Qualifiers, such as mental, emotional, psychological, and spiritual, are often used for referring to certain types of pain or suffering. In particular, mental pain (or suffering) may be used in relationship with physical pain (or suffering) for distinguishing between two wide categories of pain or suffering. A first caveat concerning such a distinction is that it uses physical pain in a sense that normally includes not only the ‘typical sensory experience of physical pain’ but also other unpleasant bodily experiences such as itching or nausea. A second caveat is that the terms “physical” or “mental” should not be taken too literally: physical pain or suffering, as a matter of fact, happens through conscious minds and involves emotional aspects, while mental pain or suffering happens through physical brains and, being an emotion, involves important physiological aspects.
At Two Dreams, we work with the concept of the cycle of thoughts → feelings → behavior—that a thought may evoke a feeling, a feeling may stimulate a behavior (reaction), a behavior may create a thought, or any other combination of pairs may occur. We teach that an individual should insert a [PAUSE] after a feeling before acting—that thoughtless actions following a feeling can be dangerous. We teach that an individual should insert a pause after a thought before acting on it—the pause again can avoid reactive, non-deliberative knee jerks that may cause damage to oneself or others. Likewise, a thought that is examined may be then linked to true and current interpretations and feelings—rather than “old tapes” created in the past.
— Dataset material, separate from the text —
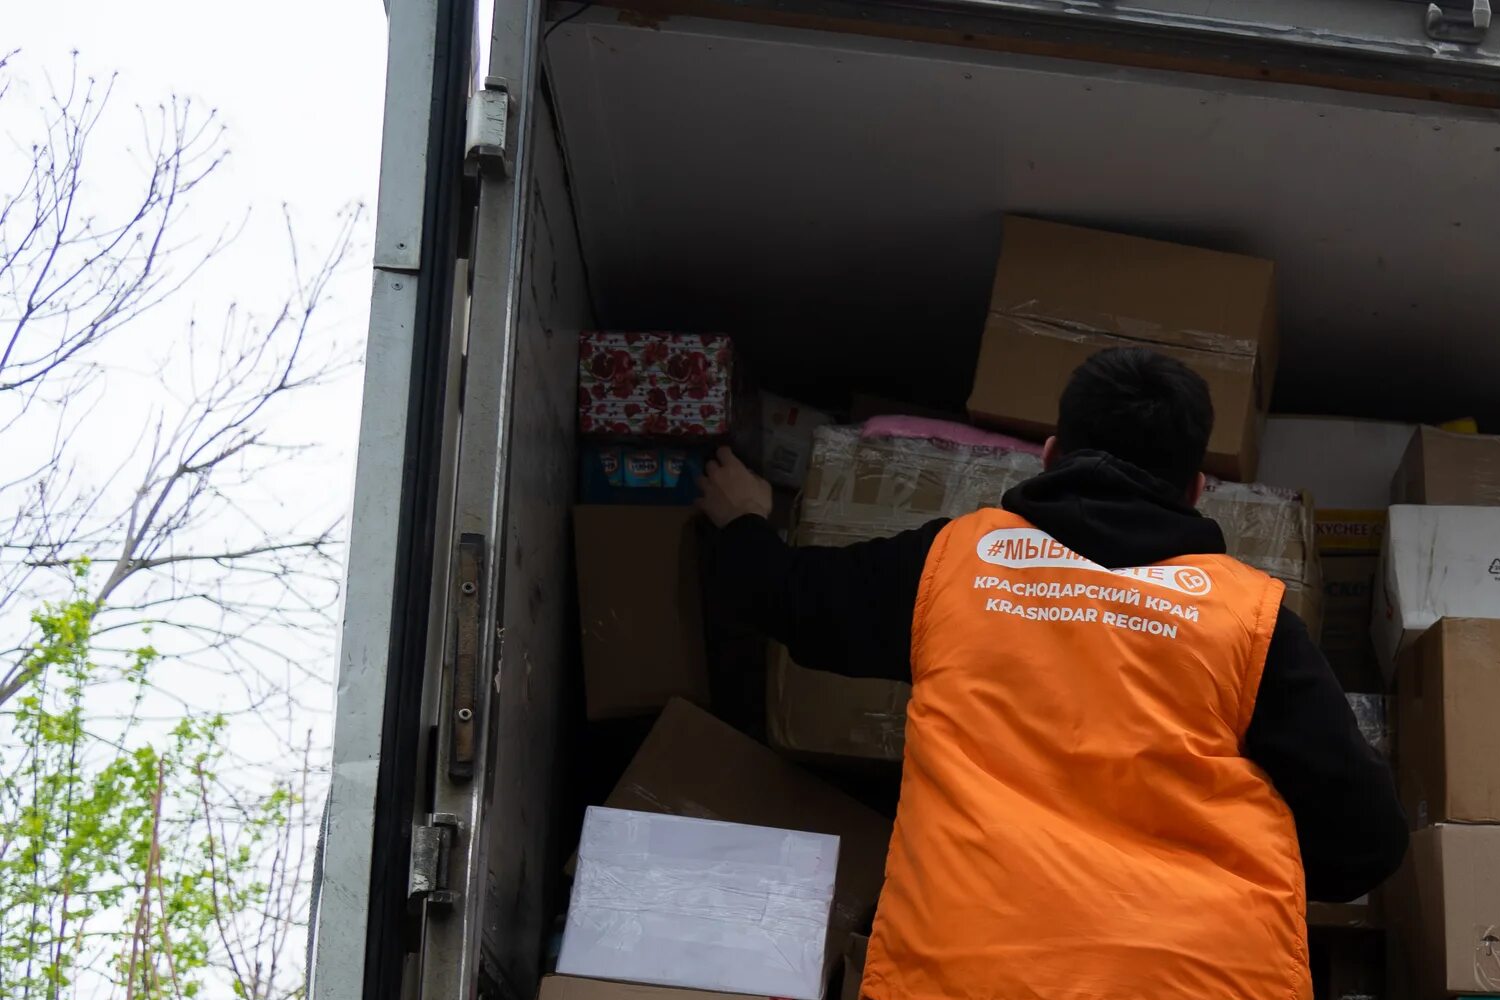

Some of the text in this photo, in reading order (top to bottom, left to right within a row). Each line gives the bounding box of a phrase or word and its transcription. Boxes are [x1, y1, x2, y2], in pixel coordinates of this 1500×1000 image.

We have learned that individuals who suffer from the disease of chemical dependency are often at great risk of the rash actions associated with a fleeting thought or an urge to medicate a feeling.
Today this concept is reviewed for me in my psychology group. The antecedent, noiciceptive reception, leads to the perception of PAIN, my feeling. This triggers SUFFERING, which is pain and what I think of it, my thoughts. This results in a variety of behaviors.
CONSEQUENCES of PAIN
- increased tension
- Increased inflammation
- Increased cortisol
- Decreased sleep
- Increased sympathetic nervous system activity
These behavioral/physiological consequences of noicieception/pain lead to the following heightened emotional states:
- Fear of loss of function, income, autonomy, etc. (future loss)
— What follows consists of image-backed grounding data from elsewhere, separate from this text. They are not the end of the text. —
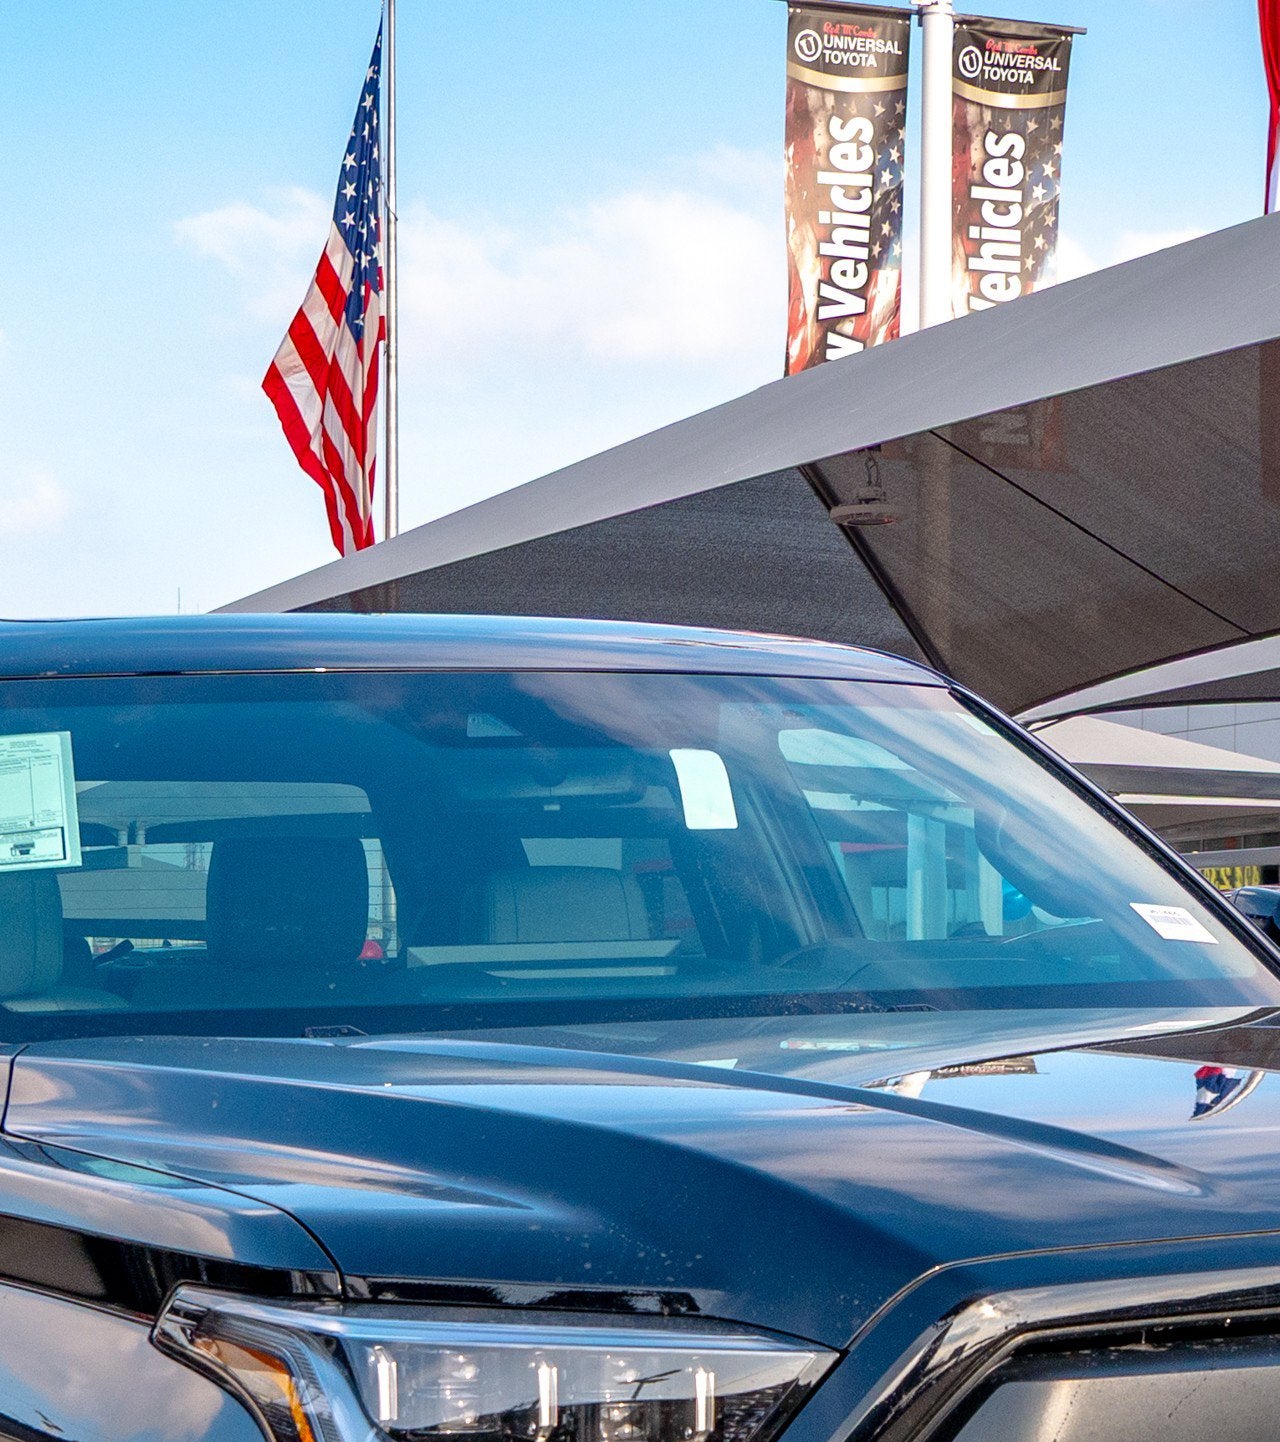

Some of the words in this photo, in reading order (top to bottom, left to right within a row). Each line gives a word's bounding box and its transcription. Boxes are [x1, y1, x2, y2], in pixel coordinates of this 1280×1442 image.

[823, 34, 902, 55] UNIVERSAL
[823, 49, 877, 67] TOYOTA
[984, 51, 1061, 71] UNIVERSAL
[983, 66, 1034, 84] TOYOTA
[817, 115, 874, 321] Vehicles
- Sadness over the situation (current loss)
These emotions lead to these thoughts:
- My pain will go on.
- My pain will get worse.
- I’d rather be dead than go through this anymore.
- This is not fair.
- Am I being punished?
- Why am I being punished?
- Why is this happening to me?
The consequence of this pain → feeling → thought cycle is more pain.
So, to avoid the cycle that heightens pain, I am taught to relax, use my PT and OT tools, use thermal or chemical strategies, and diet.
If you learn about yourself, you can help yourself. These are the questions I am asked to answer:
- Are you guarding? What part of your body is tense?
Are you deconditioned? Which activities have you decreased or stopped doing?
Is your sleep disrupted? Do you wake up feeling tired?
Are you under stress? What stressors besides the pain?
Are your moods affected by the pain? How?
Are you taking narcotic analgesics or muscle relaxants every day? Which ones?